■ **Problem description**: Exact copies of the records below are needed, free of pictures.

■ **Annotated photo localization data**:
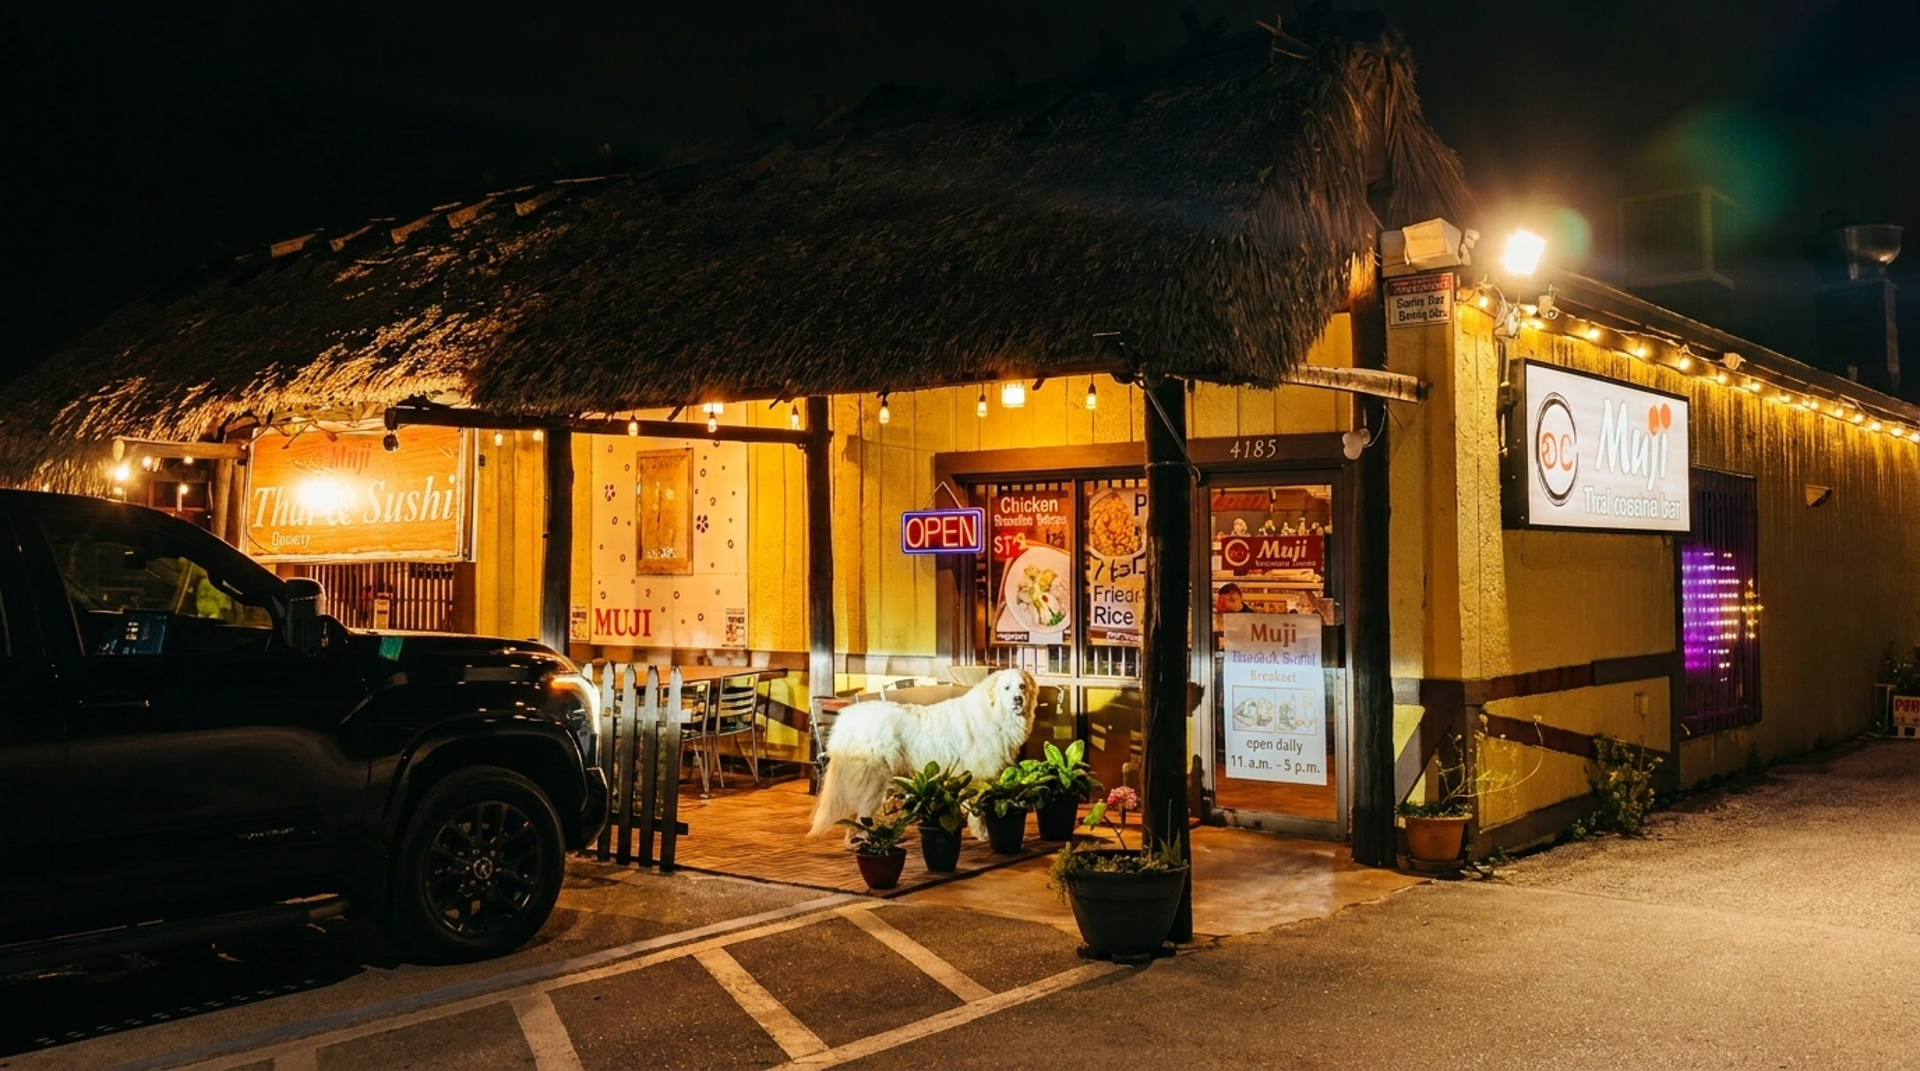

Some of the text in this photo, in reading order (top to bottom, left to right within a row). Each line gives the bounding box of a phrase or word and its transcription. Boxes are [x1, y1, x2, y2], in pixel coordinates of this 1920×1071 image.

[1230, 439, 1278, 459] 4185
[1595, 397, 1672, 491] Muji
[362, 474, 457, 525] Sushi
[1000, 495, 1059, 514] Chicken
[905, 515, 977, 549] OPEN
[1256, 539, 1308, 563] Muji
[594, 608, 652, 638] MUJI
[1094, 607, 1134, 625] Rice
[1250, 623, 1297, 647] Muji
[1284, 759, 1291, 772] 5
[1295, 762, 1321, 775] p.m.

■ **Answer to this problem**:
Some of the text in this photo, in reading order (top to bottom, left to right within a row). Each line gives the bounding box of a phrase or word and its transcription. Boxes are [x1, y1, x2, y2], in pixel coordinates of this 1920×1071 image.

[1230, 439, 1278, 459] 4185
[1595, 397, 1672, 491] Muji
[362, 474, 457, 525] Sushi
[1000, 495, 1059, 514] Chicken
[905, 515, 977, 549] OPEN
[1256, 539, 1308, 563] Muji
[594, 608, 652, 638] MUJI
[1094, 607, 1134, 625] Rice
[1250, 623, 1297, 647] Muji
[1284, 759, 1291, 772] 5
[1295, 762, 1321, 775] p.m.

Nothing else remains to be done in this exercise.